文摘Chronic inflammation induced hyper-proliferation, and migration of keratinocytes are pathological hallmarks of psoriasis. Extracts from Sphaeranthus spp. demonstrate pharmacological activity in-vitro and in-vivo. However, the activity in modulating disease relevant pathways in psoriasis has not been reported. In the current study, a standardized herbal extract from Sphaeranthus indicus (NPS31807) was used to study the mechanistic activity under conditions of inflammation, keratinocyte proliferation and migration using cell based and gene expression assays. NPS31807 treatment reduced levels of pro-inflammatory cytokines from human macrophages and activated epidermal keratinocytes in a dose dependent manner. Treatment with NPS31807 diminished NFκB and AP-1 transcription activity in human macrophages. Lowered nuclear translocation of p65 sub-unit in macrophages by treatment confirmed reduced activity of NFκB. Gene expression profiling showed attenuated expression of genes involved with inflammation such as TNF signaling, and angiogenesis by NPS31807. Inhibition of angiogenesis and matrix metalloproteinase production in keratinocytes was confirmed using RTq-PCR assays.

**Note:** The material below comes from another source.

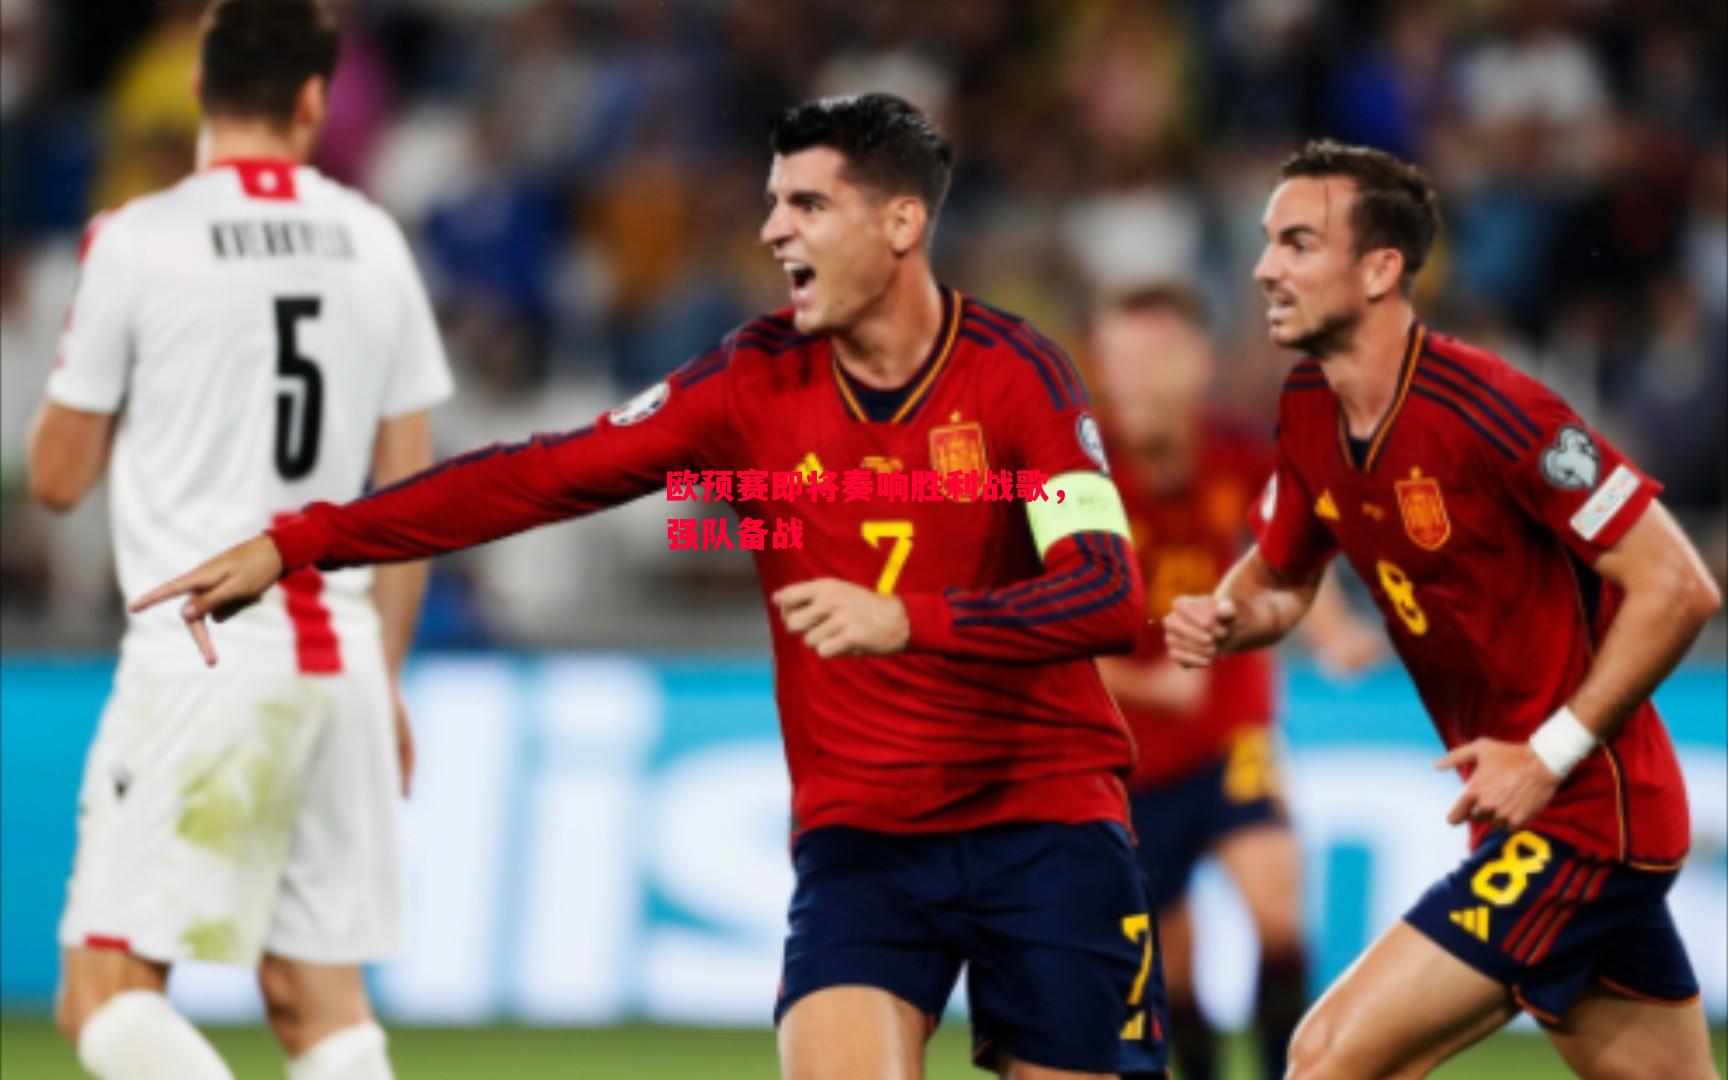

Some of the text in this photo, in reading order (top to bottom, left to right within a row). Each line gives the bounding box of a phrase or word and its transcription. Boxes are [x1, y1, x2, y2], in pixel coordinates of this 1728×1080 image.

Pretreatment with NPS31807 led to significant reduction of STAT3 phosphorylation and mitogen induced cellular migration. NPS31807 induced inhibition of proliferative genes and BrdU uptake in epidermal keratinocytes. In summary, our study provides novel molecular insights into the anti-inflammatory, anti-migratory and anti-proliferative properties of NPS31807. In summary, NPS31807, an extract from Sphaeranthus indicus can be used as therapeutic option in inflammatory and auto-immune conditions such as psoriasis.